__How to complete this task__:
Give back the data exactly, with no images.

__Exercise inputs__:
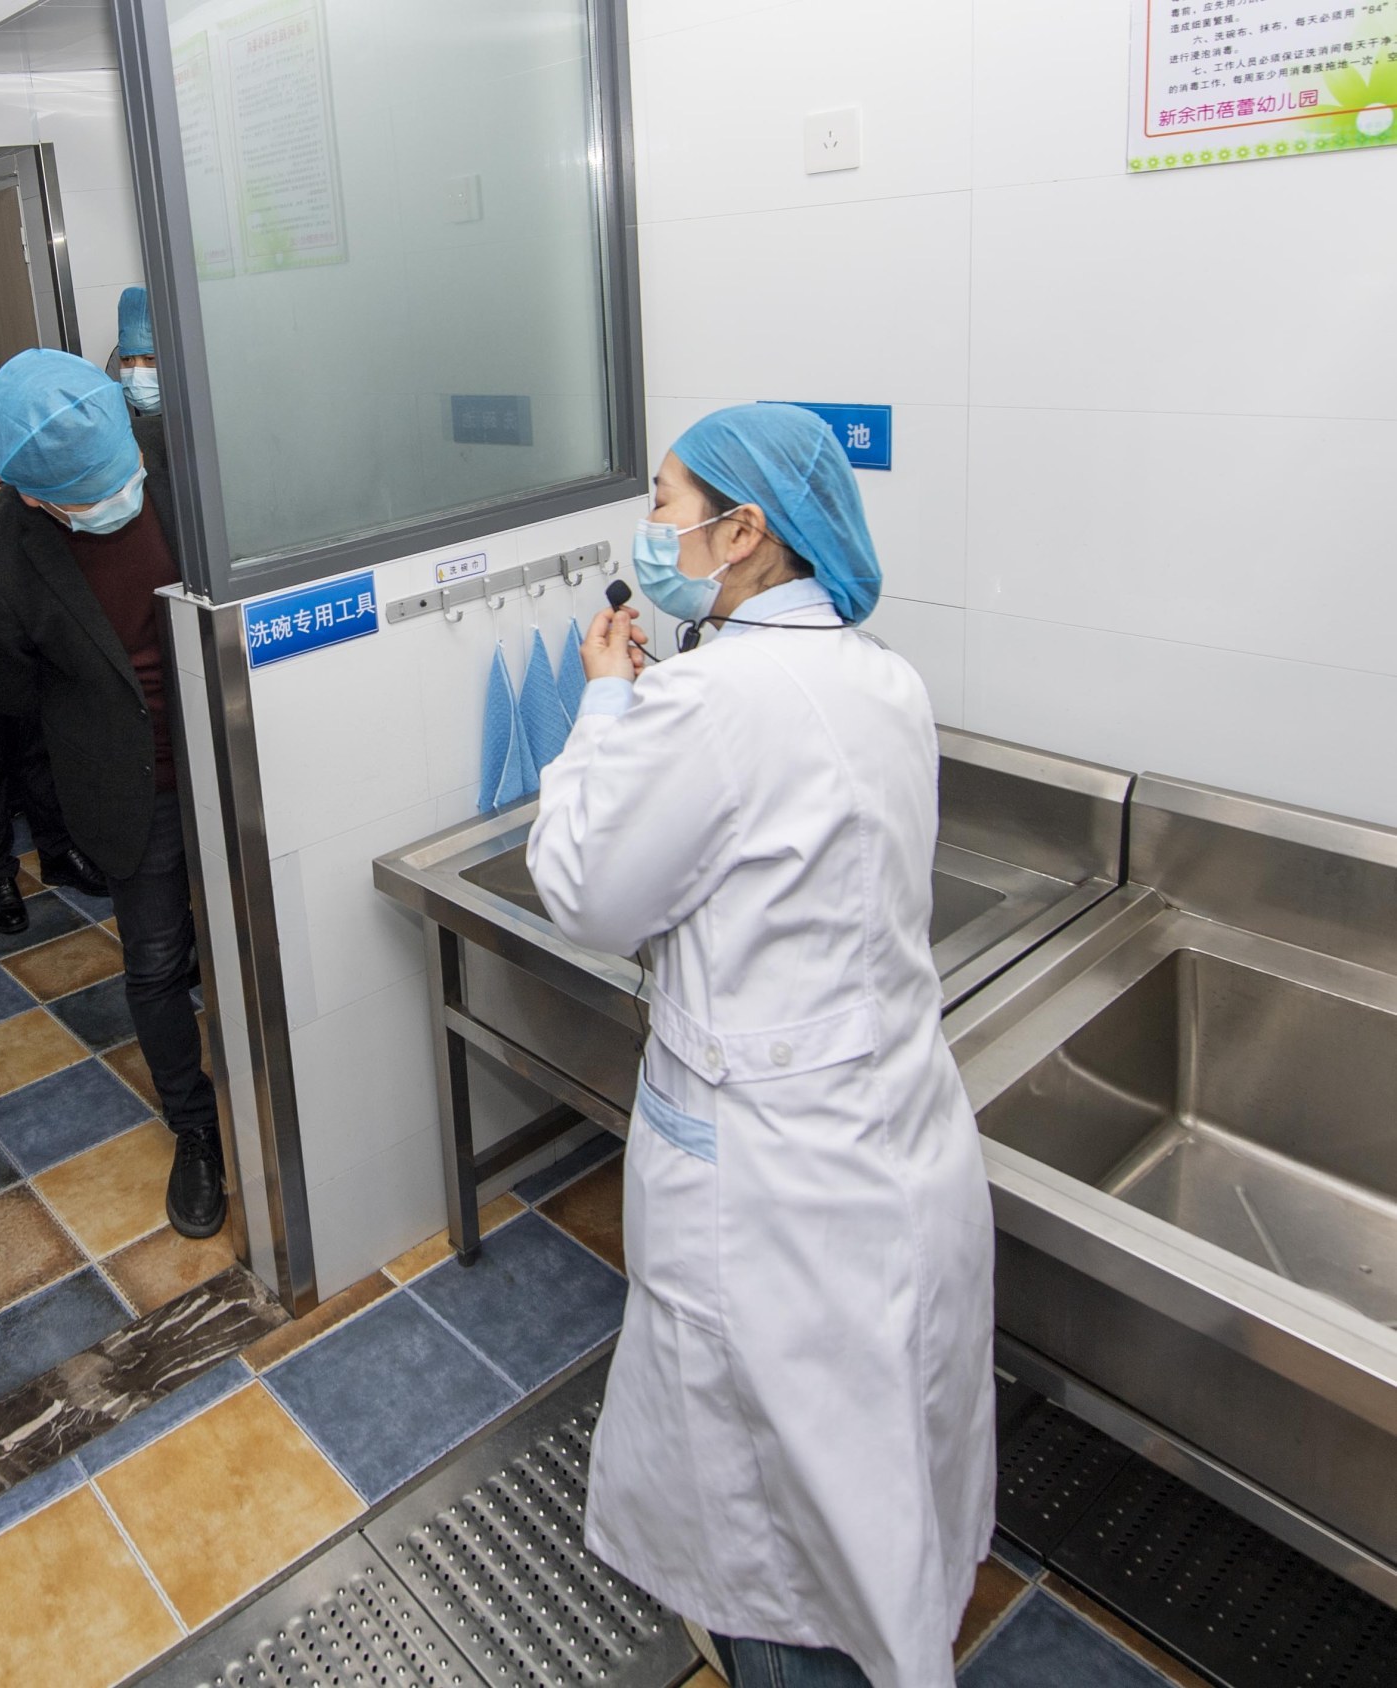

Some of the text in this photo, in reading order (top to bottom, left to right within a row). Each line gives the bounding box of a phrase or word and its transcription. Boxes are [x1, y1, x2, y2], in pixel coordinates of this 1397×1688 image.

[1193, 2, 1397, 45] 六、洗碗布、抹布，每天必须用“84”
[1192, 35, 1397, 75] 七、工作人员必须保证洗消间每天干净
[1158, 89, 1318, 127] 新余市蓓蕾幼儿园
[249, 591, 376, 648] 洗碗专用工具

__Expected answer__:
Some of the text in this photo, in reading order (top to bottom, left to right within a row). Each line gives the bounding box of a phrase or word and its transcription. Boxes are [x1, y1, x2, y2], in pixel coordinates of this 1397×1688 image.

[1193, 2, 1397, 45] 六、洗碗布、抹布，每天必须用“84”
[1192, 35, 1397, 75] 七、工作人员必须保证洗消间每天干净
[1158, 89, 1318, 127] 新余市蓓蕾幼儿园
[249, 591, 376, 648] 洗碗专用工具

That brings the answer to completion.